Set down exactly the lines from the one containing "this 1659×2212 image." through the end of the records below, both included, and nothing else.

◇ ◇ ◇ ◇ ◇ ◇ ◇

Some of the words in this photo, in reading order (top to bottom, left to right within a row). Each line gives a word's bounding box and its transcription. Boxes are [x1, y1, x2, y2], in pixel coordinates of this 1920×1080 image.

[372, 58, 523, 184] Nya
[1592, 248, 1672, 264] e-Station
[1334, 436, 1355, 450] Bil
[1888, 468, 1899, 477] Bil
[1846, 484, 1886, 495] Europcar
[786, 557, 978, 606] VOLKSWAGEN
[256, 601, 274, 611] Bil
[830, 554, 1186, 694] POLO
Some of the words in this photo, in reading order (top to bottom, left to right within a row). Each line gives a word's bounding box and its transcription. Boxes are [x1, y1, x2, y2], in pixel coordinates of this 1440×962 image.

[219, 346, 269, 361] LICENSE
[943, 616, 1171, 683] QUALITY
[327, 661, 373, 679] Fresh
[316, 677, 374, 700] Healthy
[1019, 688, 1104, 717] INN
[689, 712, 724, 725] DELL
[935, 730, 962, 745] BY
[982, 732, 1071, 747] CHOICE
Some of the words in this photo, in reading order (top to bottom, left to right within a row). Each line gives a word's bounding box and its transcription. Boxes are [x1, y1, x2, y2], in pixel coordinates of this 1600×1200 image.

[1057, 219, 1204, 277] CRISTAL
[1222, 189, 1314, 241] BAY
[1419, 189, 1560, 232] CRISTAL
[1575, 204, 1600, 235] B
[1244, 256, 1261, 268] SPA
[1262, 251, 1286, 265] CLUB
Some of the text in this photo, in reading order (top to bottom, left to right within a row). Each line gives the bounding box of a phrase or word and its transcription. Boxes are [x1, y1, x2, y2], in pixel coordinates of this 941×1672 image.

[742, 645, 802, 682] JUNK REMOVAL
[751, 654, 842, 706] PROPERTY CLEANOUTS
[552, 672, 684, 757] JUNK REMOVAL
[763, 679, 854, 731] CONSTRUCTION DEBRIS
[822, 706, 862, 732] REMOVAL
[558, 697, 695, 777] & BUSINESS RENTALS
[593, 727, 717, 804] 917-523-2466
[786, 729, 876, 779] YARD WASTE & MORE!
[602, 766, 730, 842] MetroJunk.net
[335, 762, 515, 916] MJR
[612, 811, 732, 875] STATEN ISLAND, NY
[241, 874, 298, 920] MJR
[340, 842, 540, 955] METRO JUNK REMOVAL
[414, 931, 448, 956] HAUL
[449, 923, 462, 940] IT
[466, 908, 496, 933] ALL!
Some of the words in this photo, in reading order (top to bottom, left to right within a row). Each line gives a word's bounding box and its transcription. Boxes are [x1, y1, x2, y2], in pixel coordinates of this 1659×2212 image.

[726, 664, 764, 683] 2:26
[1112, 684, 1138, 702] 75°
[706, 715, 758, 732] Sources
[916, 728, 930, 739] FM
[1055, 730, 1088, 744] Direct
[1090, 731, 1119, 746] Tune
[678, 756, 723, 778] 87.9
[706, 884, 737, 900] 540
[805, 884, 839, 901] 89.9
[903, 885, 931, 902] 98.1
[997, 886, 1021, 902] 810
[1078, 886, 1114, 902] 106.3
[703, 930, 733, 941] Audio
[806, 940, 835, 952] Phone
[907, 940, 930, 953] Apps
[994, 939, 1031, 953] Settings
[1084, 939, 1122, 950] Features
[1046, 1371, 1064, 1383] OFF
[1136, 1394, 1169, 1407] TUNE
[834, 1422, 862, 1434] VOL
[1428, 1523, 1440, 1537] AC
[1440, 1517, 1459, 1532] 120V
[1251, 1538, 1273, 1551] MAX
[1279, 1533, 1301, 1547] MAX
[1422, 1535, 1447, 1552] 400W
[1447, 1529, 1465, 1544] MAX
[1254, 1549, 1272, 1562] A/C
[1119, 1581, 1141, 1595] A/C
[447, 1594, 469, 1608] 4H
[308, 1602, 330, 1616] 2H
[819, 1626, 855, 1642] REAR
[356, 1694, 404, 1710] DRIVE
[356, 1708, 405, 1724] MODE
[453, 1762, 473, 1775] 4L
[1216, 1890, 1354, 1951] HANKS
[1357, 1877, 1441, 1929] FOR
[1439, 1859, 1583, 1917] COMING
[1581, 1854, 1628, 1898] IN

◇ ◇ ◇ ◇ ◇ ◇ ◇

Reply to the exercise:
Some of the words in this photo, in reading order (top to bottom, left to right within a row). Each line gives a word's bounding box and its transcription. Boxes are [x1, y1, x2, y2], in pixel coordinates of this 1659×2212 image.

[726, 664, 764, 683] 2:26
[1112, 684, 1138, 702] 75°
[706, 715, 758, 732] Sources
[916, 728, 930, 739] FM
[1055, 730, 1088, 744] Direct
[1090, 731, 1119, 746] Tune
[678, 756, 723, 778] 87.9
[706, 884, 737, 900] 540
[805, 884, 839, 901] 89.9
[903, 885, 931, 902] 98.1
[997, 886, 1021, 902] 810
[1078, 886, 1114, 902] 106.3
[703, 930, 733, 941] Audio
[806, 940, 835, 952] Phone
[907, 940, 930, 953] Apps
[994, 939, 1031, 953] Settings
[1084, 939, 1122, 950] Features
[1046, 1371, 1064, 1383] OFF
[1136, 1394, 1169, 1407] TUNE
[834, 1422, 862, 1434] VOL
[1428, 1523, 1440, 1537] AC
[1440, 1517, 1459, 1532] 120V
[1251, 1538, 1273, 1551] MAX
[1279, 1533, 1301, 1547] MAX
[1422, 1535, 1447, 1552] 400W
[1447, 1529, 1465, 1544] MAX
[1254, 1549, 1272, 1562] A/C
[1119, 1581, 1141, 1595] A/C
[447, 1594, 469, 1608] 4H
[308, 1602, 330, 1616] 2H
[819, 1626, 855, 1642] REAR
[356, 1694, 404, 1710] DRIVE
[356, 1708, 405, 1724] MODE
[453, 1762, 473, 1775] 4L
[1216, 1890, 1354, 1951] HANKS
[1357, 1877, 1441, 1929] FOR
[1439, 1859, 1583, 1917] COMING
[1581, 1854, 1628, 1898] IN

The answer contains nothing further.